Requirement 4: Protect Cardholder Data with Strong Cryptography During Transmission Over Open, Public Networks: This requirement focuses on securing cardholder data in transit, mandating strong encryption for data transmitted over public networks.
Endpoint and Device Protection
Requirement 2: Apply Secure Configurations to All System Components: This requirement mandates applying secure configurations to all system components, including endpoints, to minimize vulnerabilities.
Requirement 5: Protect All Systems and Networks from Malicious Software: This requirement focuses on implementing and maintaining malware protection mechanisms on all systems, including endpoints, to prevent and mitigate malware threats.
Identity Management and Access Control
Requirement 7: Restrict access to cardholder data by business need-to-know: This requirement focuses on restricting access to cardholder data based on least privilege principles, ensuring only authorized personnel with a business need have access.
Requirement 8: Identify and authenticate access to system components: This requirement mandates strong authentication mechanisms for all users accessing cardholder data, including multi-factor authentication (MFA) as a best practice (becoming mandatory).
Incident Response
Requirement 12.10: Suspected and confirmed security incidents that could impact the CDE are responded to immediately: This requirement emphasizes having a documented incident response plan to handle security incidents promptly and effectively.
Logging and Threat Detection
Requirement 10: Track and monitor all access to network resources and cardholder data: This requirement mandates logging and monitoring all access to cardholder data and critical system components to detect and respond to security events.
Network Security
Requirement 1: Install and Maintain Network Security Controls: This requirement focuses on establishing and maintaining network security controls, including firewalls, to protect the cardholder data environment.
Requirement 2.3: Wireless environments are configured and managed securely: This section specifically addresses securing wireless networks to prevent unauthorized access.
Posture and Vulnerability Management
Requirement 11: Regularly test security systems and processes: This requirement mandates regular security assessments, including vulnerability scanning and penetration testing, to identify and address vulnerabilities.
Requirement 6.3: Security vulnerabilities are identified and addressed: This requirement focuses specifically on identifying and addressing vulnerabilities in systems and software.
Risk Assessment and Management
Requirement 12.3: Risks to the cardholder data environment are formally identified, evaluated, and managed: This requirement mandates conducting a formal risk assessment to identify and evaluate risks to the CDE.
Software Bill Of Materials (SBOM)
Requirement 6: Develop and Maintain Secure Systems and Applications: This requirement heavily emphasizes secure software development practices.

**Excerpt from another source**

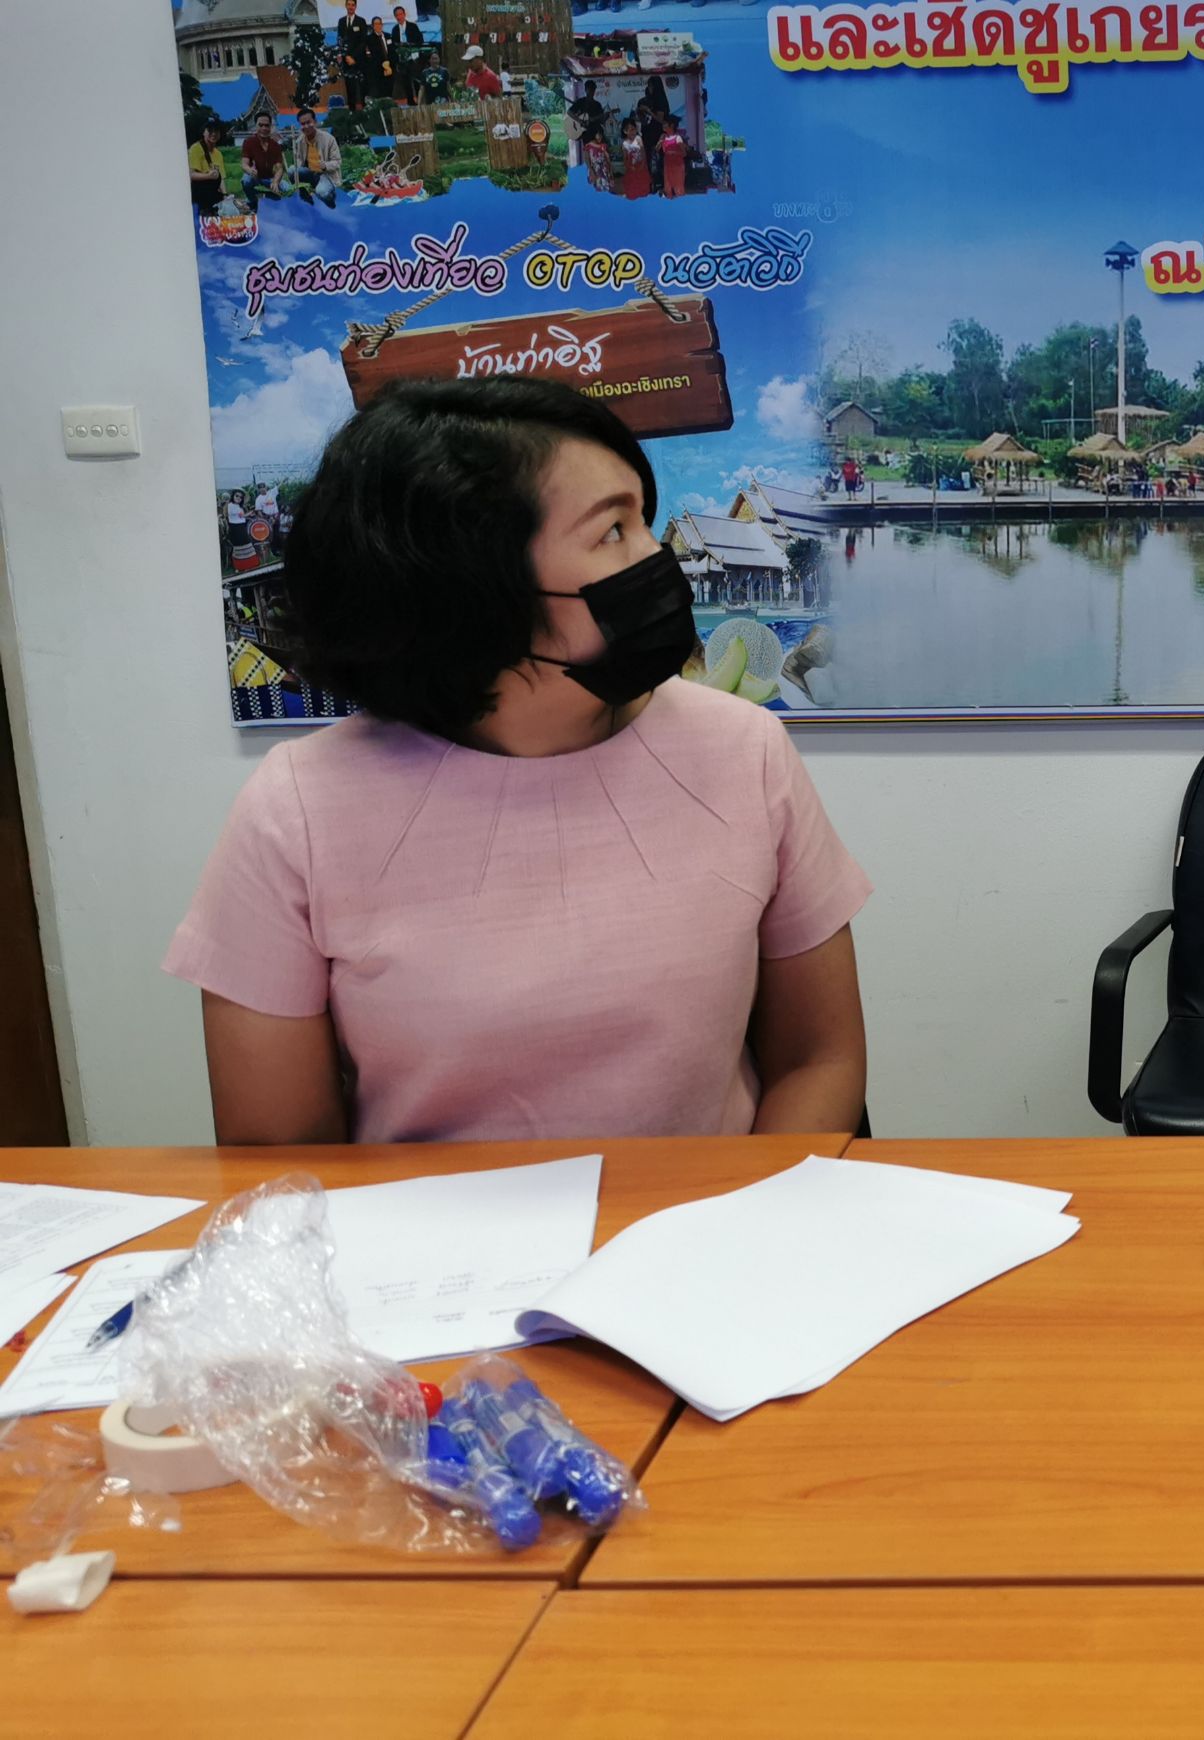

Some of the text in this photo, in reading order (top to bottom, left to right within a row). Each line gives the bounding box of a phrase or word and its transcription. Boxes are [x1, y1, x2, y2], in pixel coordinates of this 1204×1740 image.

While not explicitly mentioning SBOM, maintaining an inventory of bespoke and custom software, including third-party components, aligns with the core principles of SBOM.
Zero Trust Network Access
While not explicitly mentioned, Zero Trust principles align with several PCI DSS requirements:
Requirement 7: Restrict access to cardholder data by business need-to-know: Zero Trust promotes least privilege, aligning with this requirement.

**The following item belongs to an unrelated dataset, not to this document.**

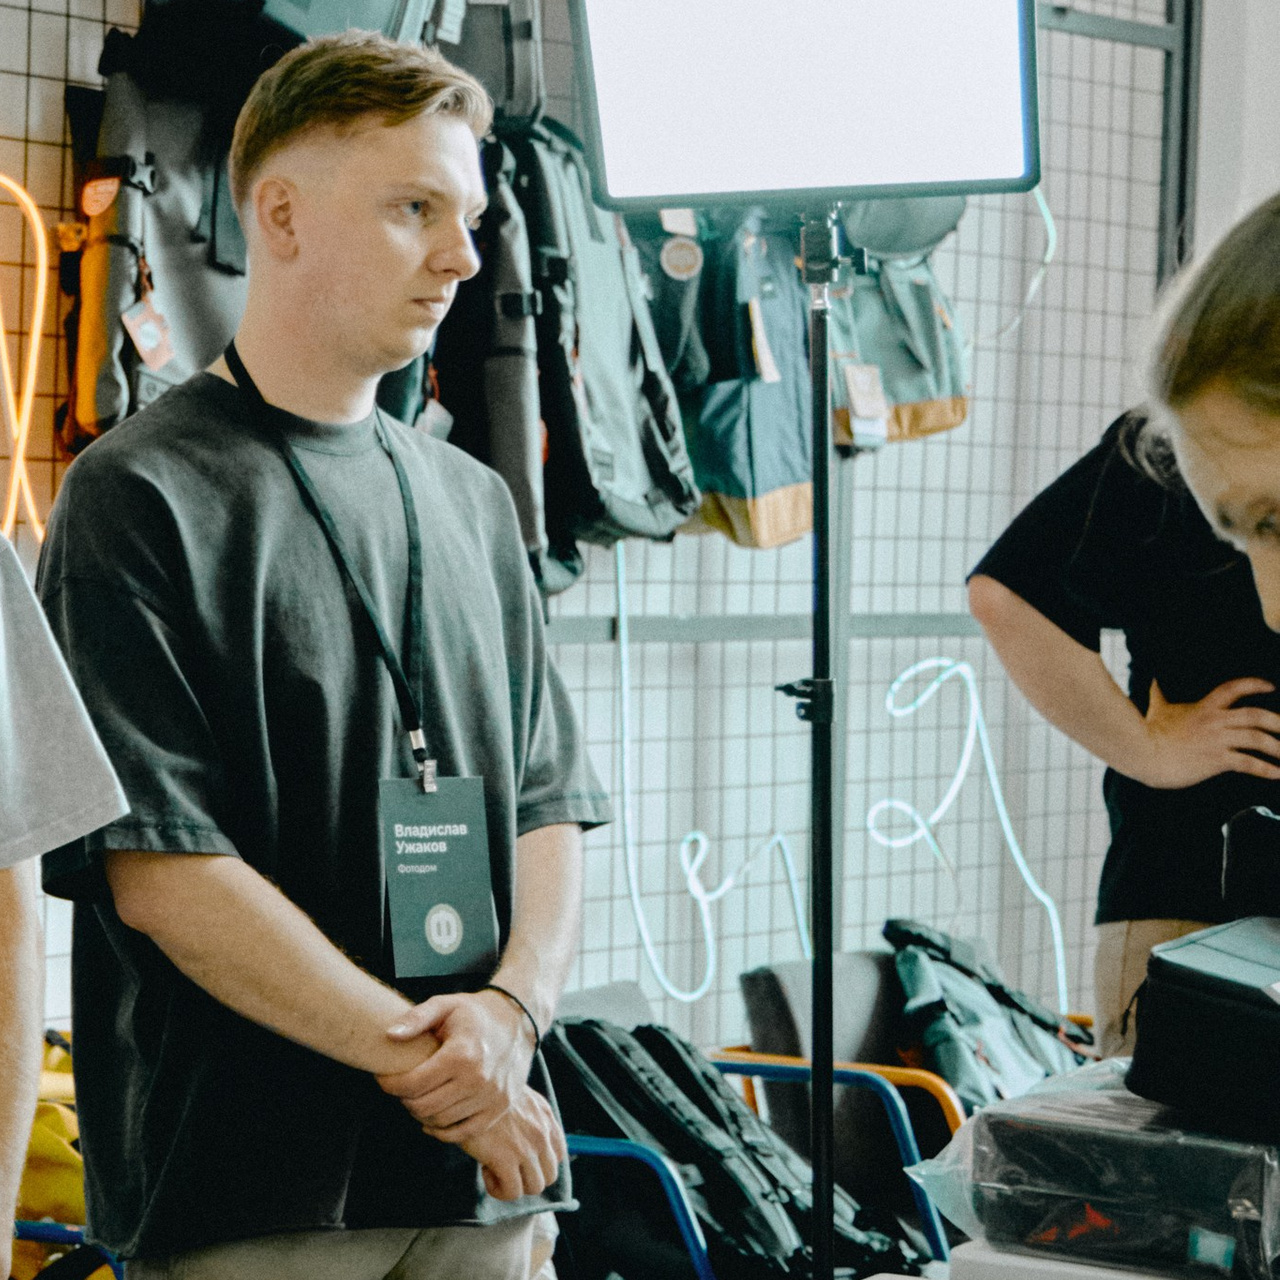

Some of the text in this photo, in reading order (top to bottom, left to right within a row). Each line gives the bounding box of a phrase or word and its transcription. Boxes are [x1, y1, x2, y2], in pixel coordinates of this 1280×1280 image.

[394, 823, 468, 838] Владислав
[396, 840, 447, 854] Ужаков
[397, 863, 437, 874] Фотодом

Requirement 8: Identify and authenticate access to system components: Zero Trust emphasizes strong authentication, including MFA, which PCI DSS requires.
Continuous Evaluation Process
Compliance Labs has developed the compliance continuous testing process as a fundamental aspect of the PCI DSS compliance testing controls. The continuous evaluation process will monitor new cybersecurity regulations and standards compliance requirements or frameworks best practices and update testing criteria to drive software compliance effectiveness and quality over the long term.